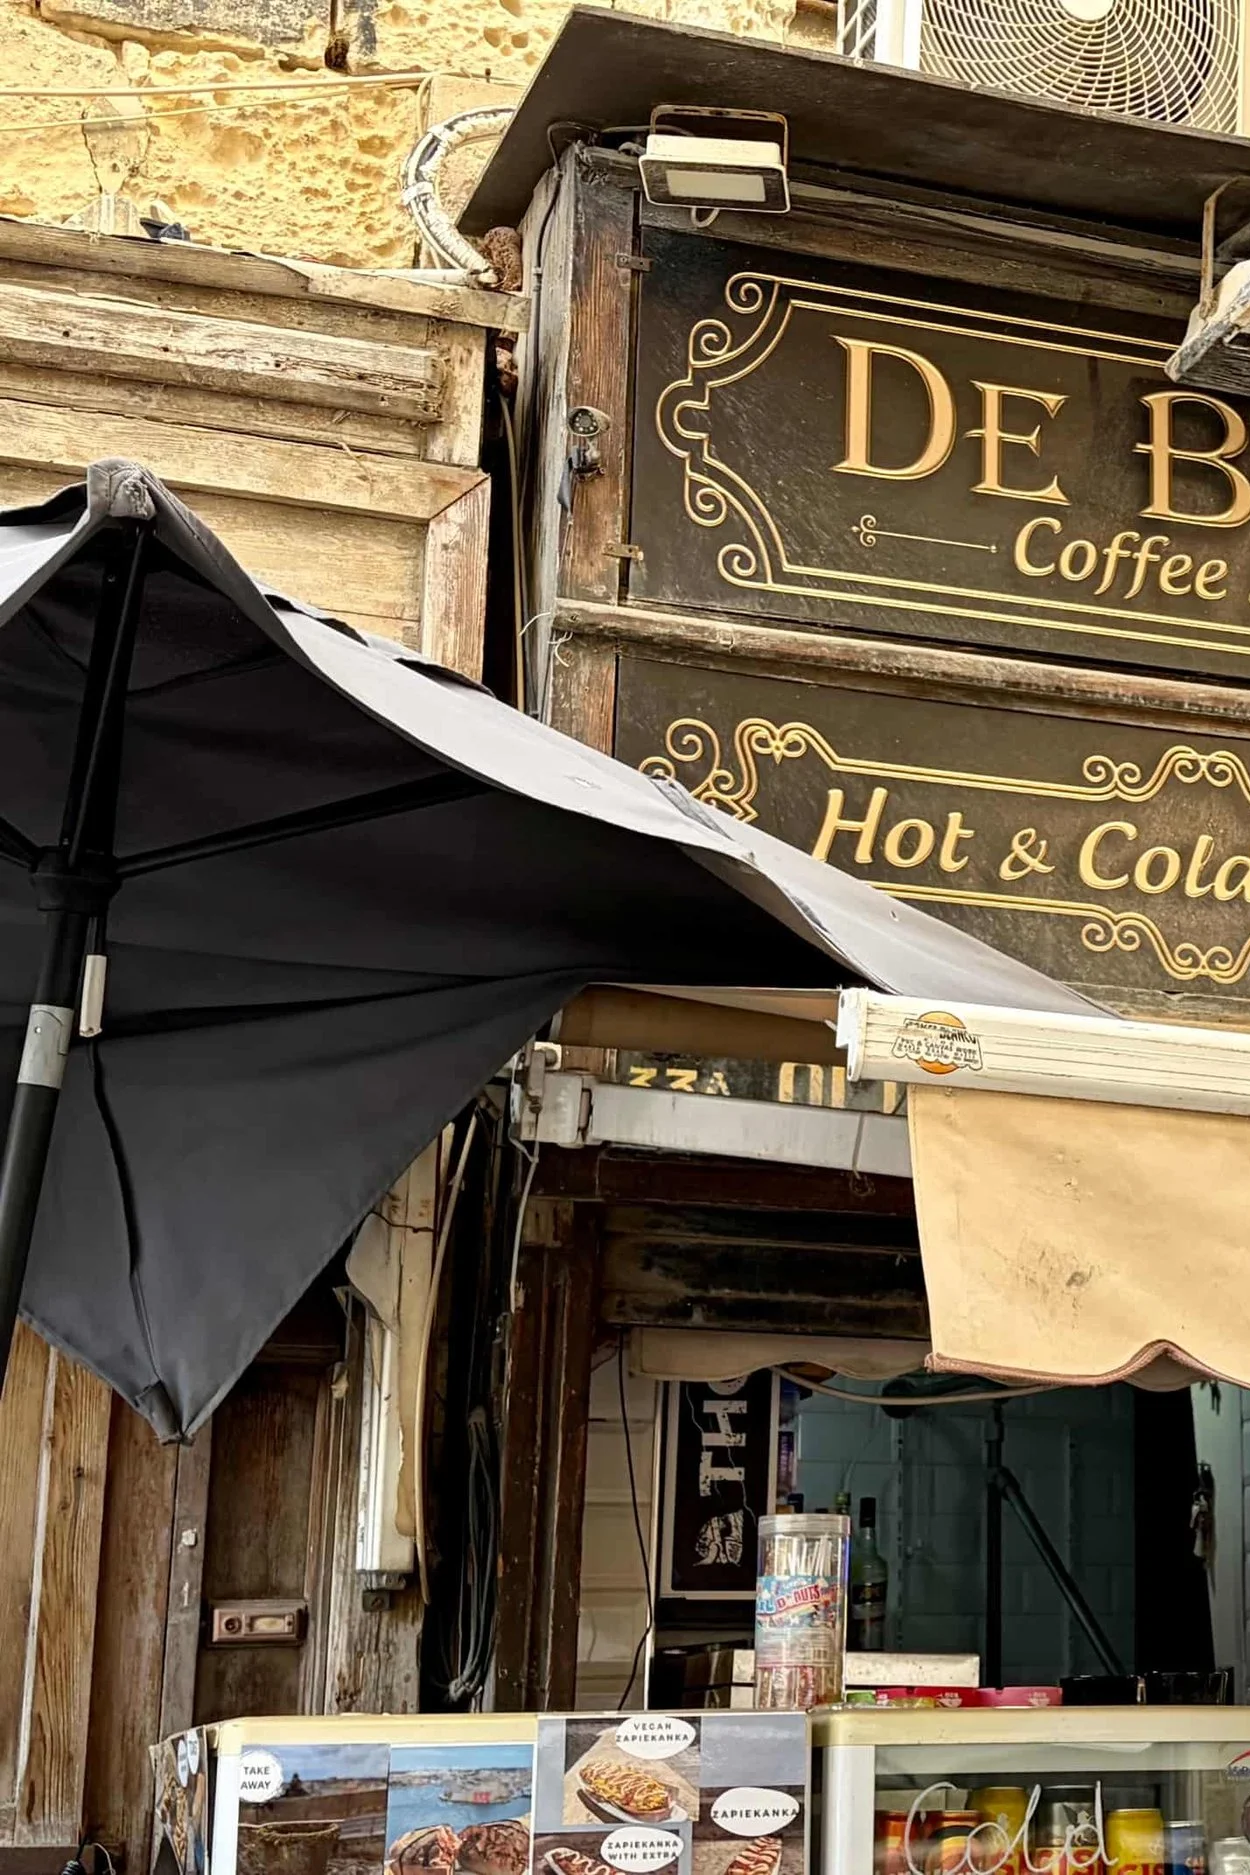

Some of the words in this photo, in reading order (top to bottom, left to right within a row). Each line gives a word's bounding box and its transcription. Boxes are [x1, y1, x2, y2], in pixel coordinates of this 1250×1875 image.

[831, 335, 1069, 507] DE
[1013, 516, 1228, 602] Coffee
[813, 787, 974, 873] Hot
[998, 827, 1056, 881] &
[633, 1722, 673, 1731] VEGAN
[615, 1733, 690, 1743] ZAPIEKANKA
[243, 1766, 270, 1775] TAKE
[240, 1780, 272, 1790] AWAY
[711, 1807, 799, 1819] ZAPIEKANKA
[904, 1780, 1119, 1875] Cold
[606, 1841, 680, 1850] ZAPIEKANKA
[607, 1851, 637, 1861] WITH
[641, 1851, 678, 1861] EXTRA
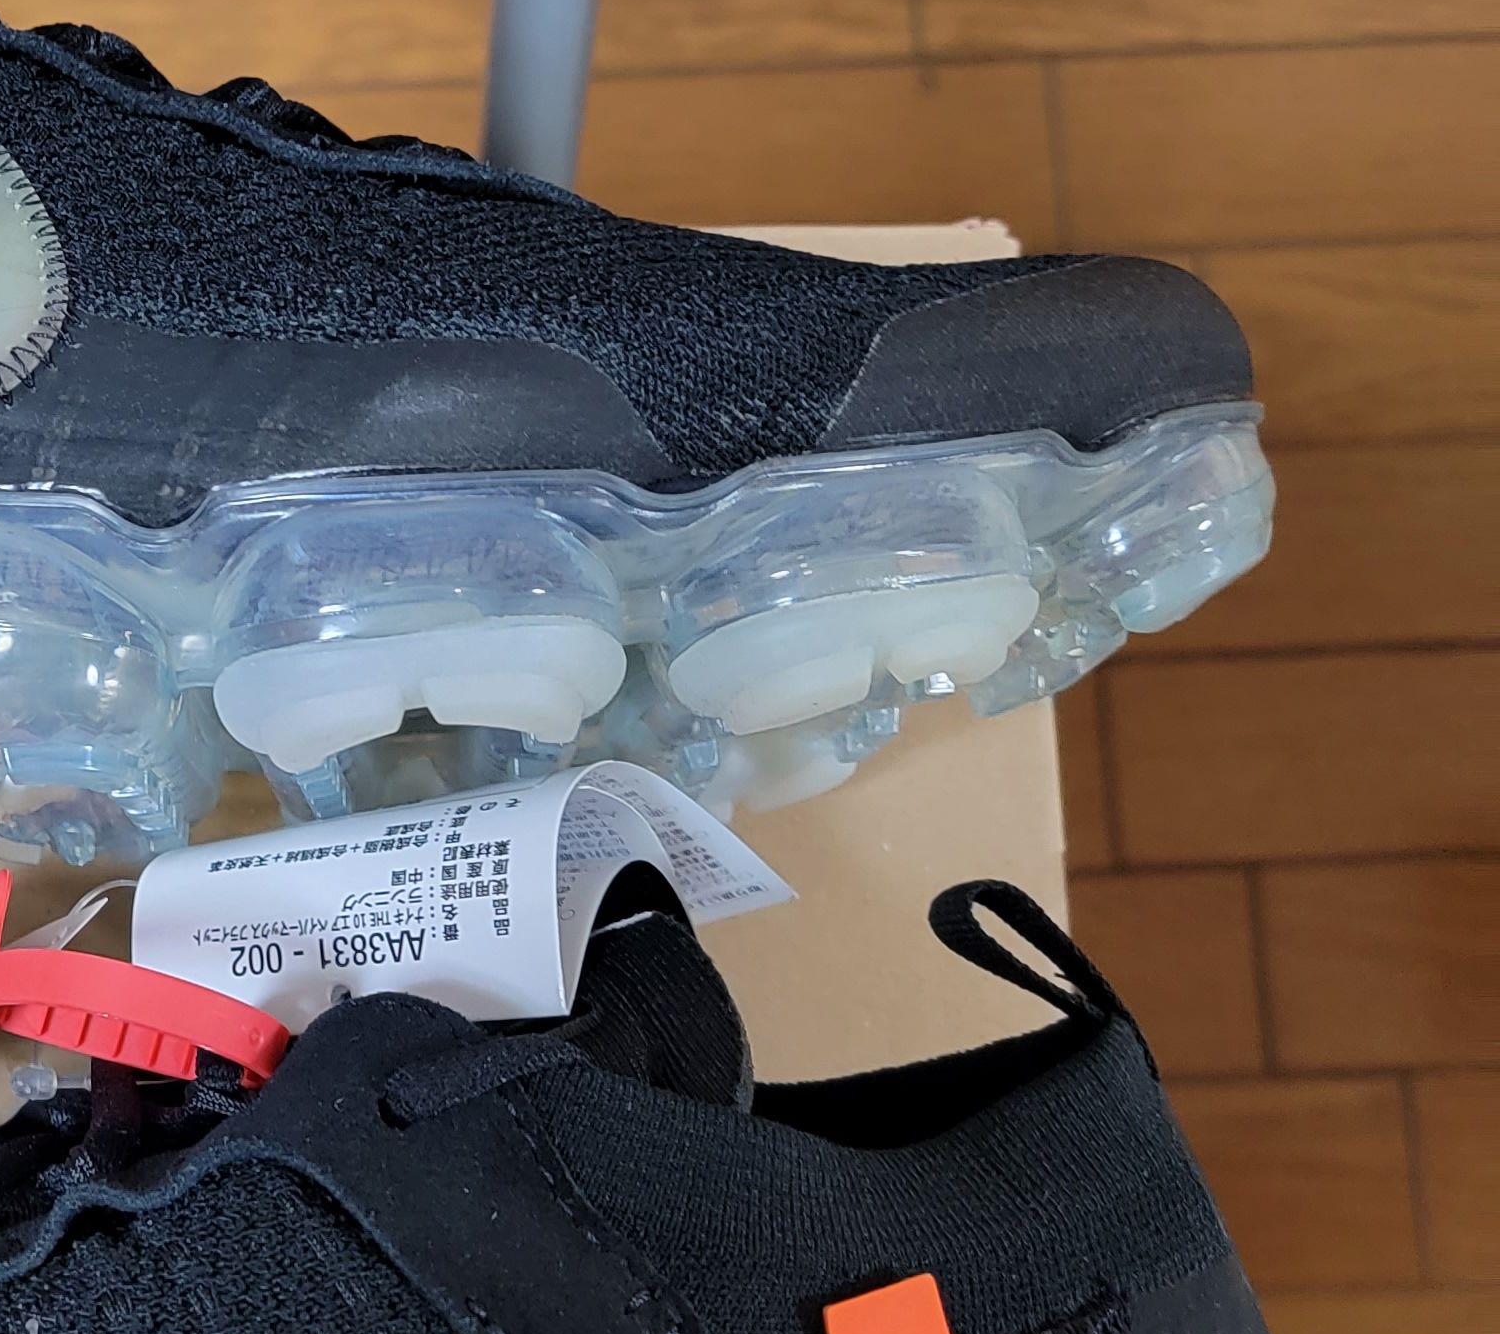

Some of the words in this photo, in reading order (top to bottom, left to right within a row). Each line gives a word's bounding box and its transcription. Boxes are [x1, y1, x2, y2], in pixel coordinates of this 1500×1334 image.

[441, 838, 510, 860] 素材表記
[352, 912, 365, 927] 10
[367, 909, 390, 925] THE
[229, 941, 281, 976] 002
[317, 927, 425, 969] AA3831
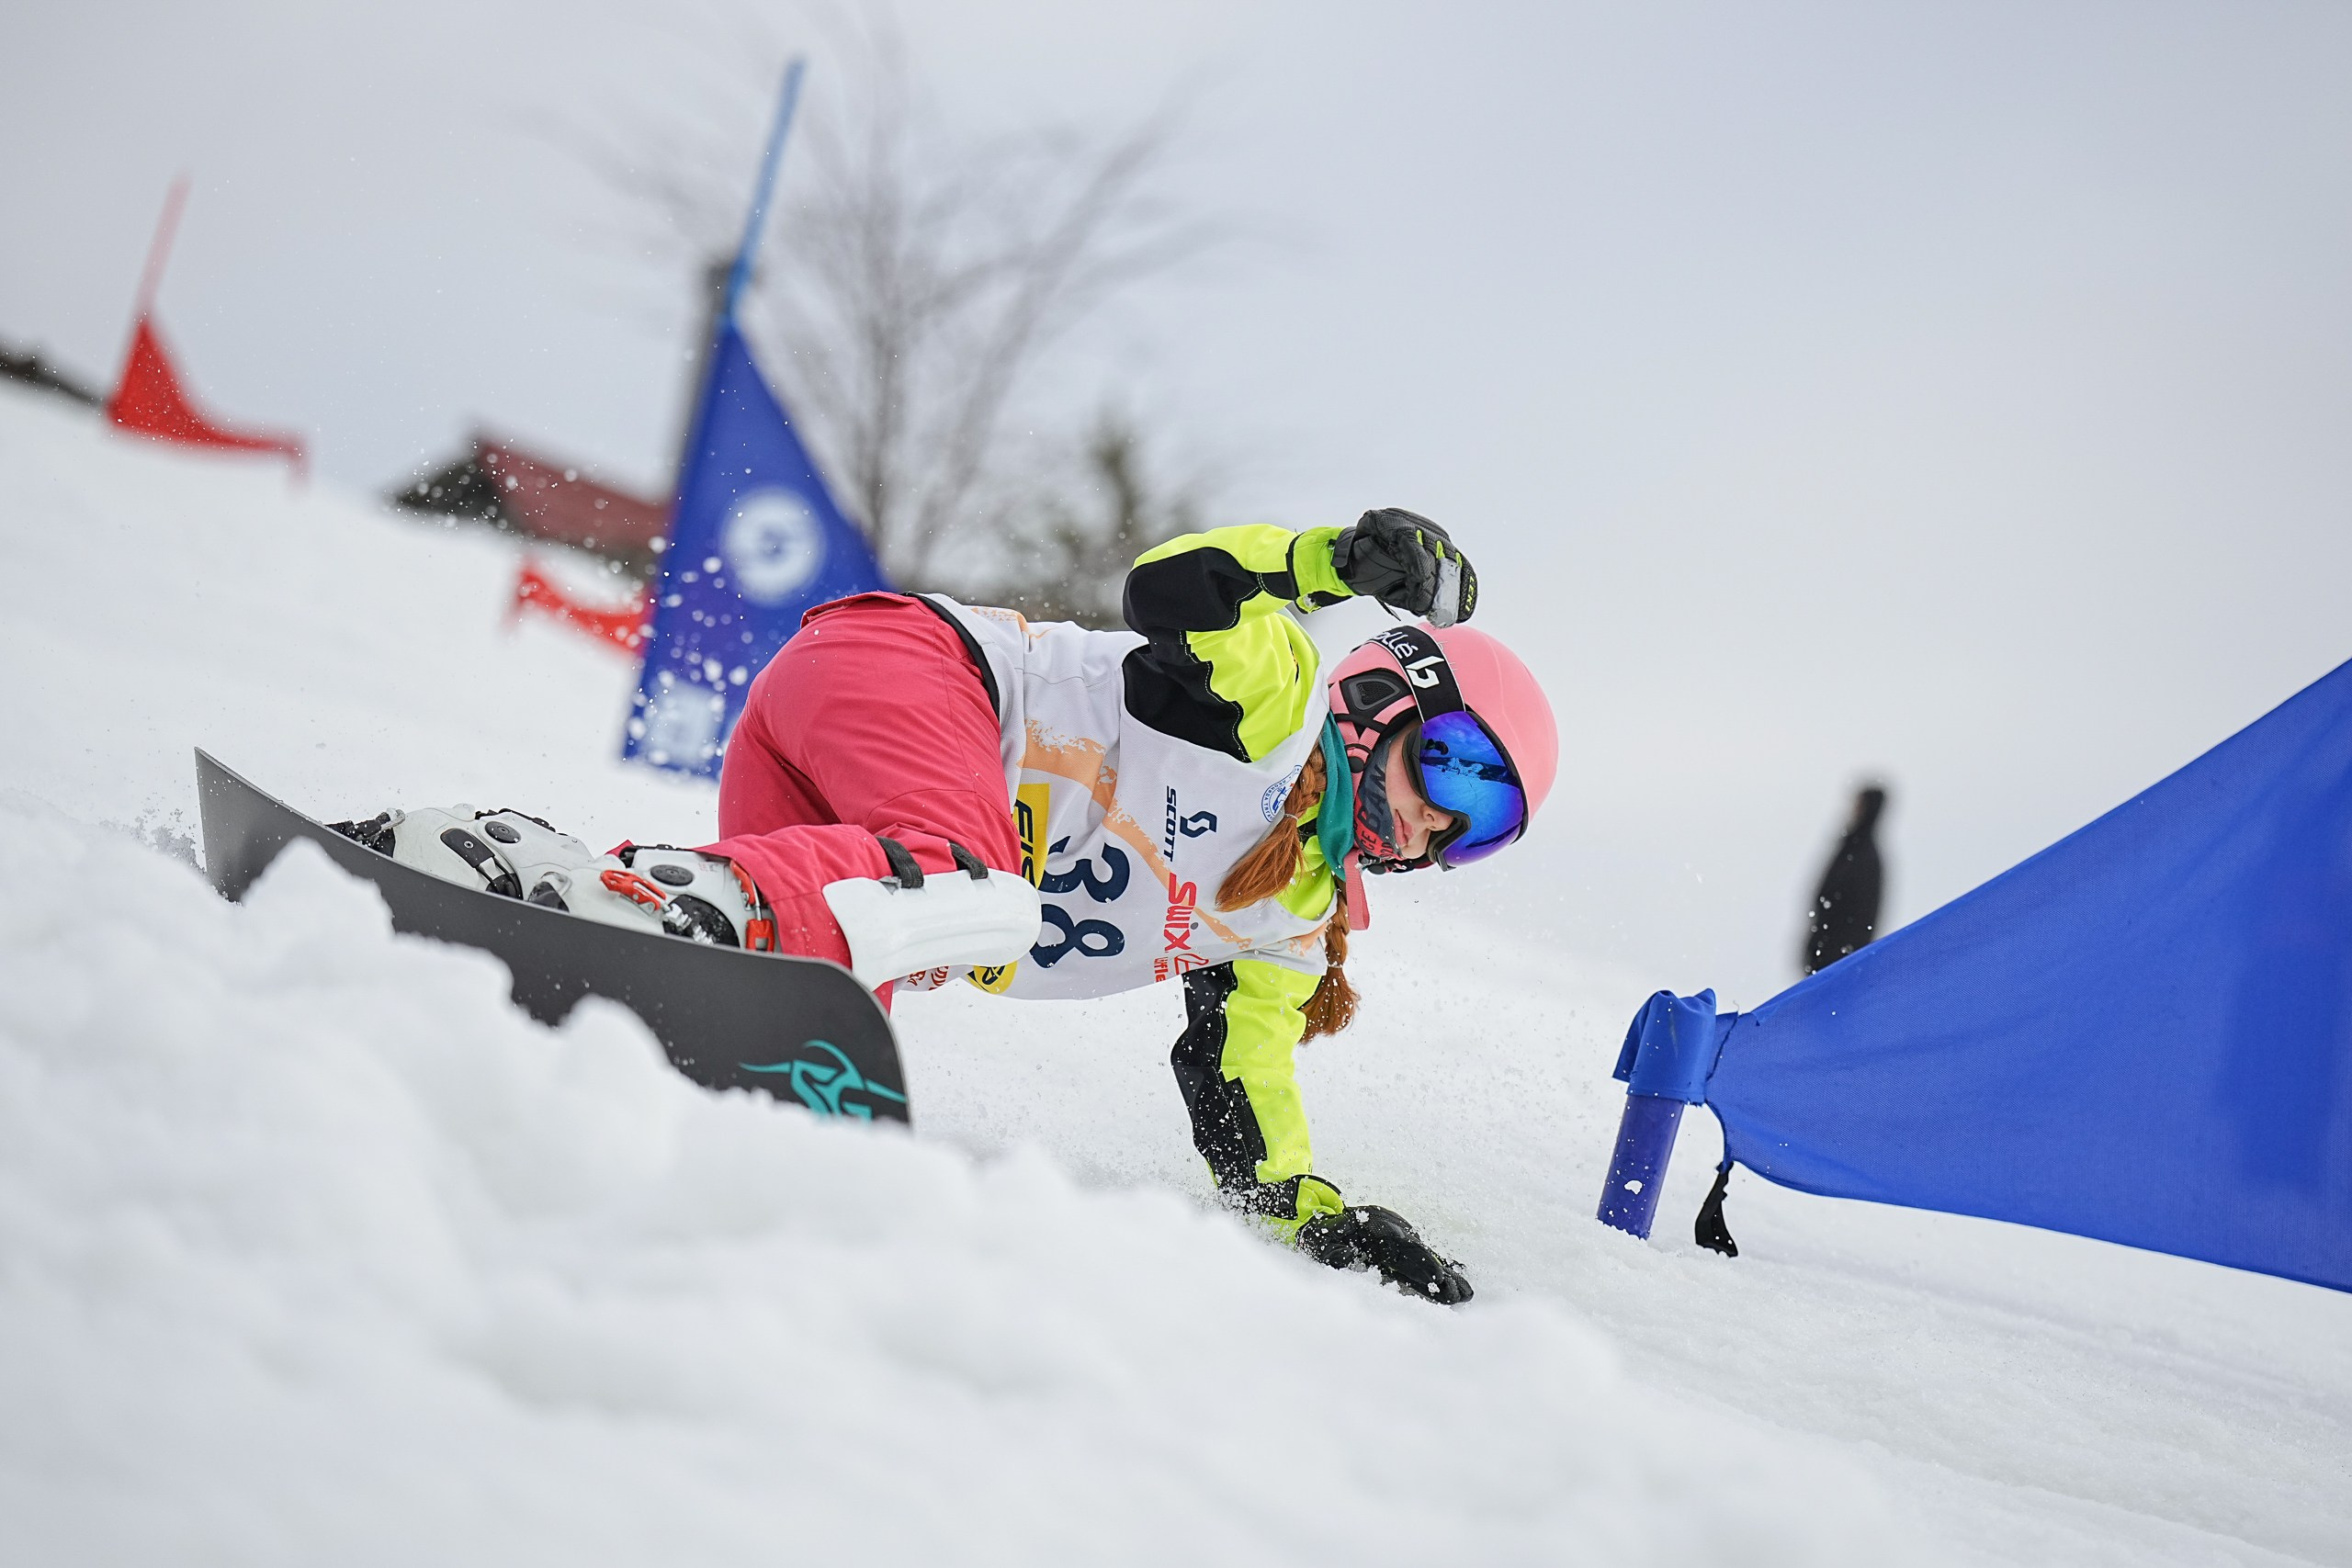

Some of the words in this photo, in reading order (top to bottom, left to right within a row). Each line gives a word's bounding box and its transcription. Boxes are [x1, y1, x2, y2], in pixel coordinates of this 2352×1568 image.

[1464, 576, 1475, 612] LEKI
[1374, 631, 1419, 660] ollé
[1163, 785, 1177, 863] SCOTT
[1030, 836, 1131, 969] 38
....................
_Exercise objective_
Copy out the lines above in full and unaltered, apart from the pictures.

_Reply_
Some of the words in this photo, in reading order (top to bottom, left to right within a row). Each line gives a word's bounding box and its transcription. Boxes are [x1, y1, x2, y2], in pixel coordinates of this 1250×1875 image.

[831, 335, 1069, 507] DE
[1013, 516, 1228, 602] Coffee
[813, 787, 974, 873] Hot
[998, 827, 1056, 881] &
[633, 1722, 673, 1731] VEGAN
[615, 1733, 690, 1743] ZAPIEKANKA
[243, 1766, 270, 1775] TAKE
[240, 1780, 272, 1790] AWAY
[711, 1807, 799, 1819] ZAPIEKANKA
[904, 1780, 1119, 1875] Cold
[606, 1841, 680, 1850] ZAPIEKANKA
[607, 1851, 637, 1861] WITH
[641, 1851, 678, 1861] EXTRA

Some of the words in this photo, in reading order (top to bottom, left to right within a row). Each line gives a word's bounding box and its transcription. Boxes are [x1, y1, x2, y2], in pixel coordinates of this 1500×1334 image.

[441, 838, 510, 860] 素材表記
[352, 912, 365, 927] 10
[367, 909, 390, 925] THE
[229, 941, 281, 976] 002
[317, 927, 425, 969] AA3831

Some of the words in this photo, in reading order (top to bottom, left to right within a row). Each line gives a word's bounding box and its transcription. Boxes are [x1, y1, x2, y2], in pixel coordinates of this 2352×1568 image.

[1464, 576, 1475, 612] LEKI
[1374, 631, 1419, 660] ollé
[1163, 785, 1177, 863] SCOTT
[1030, 836, 1131, 969] 38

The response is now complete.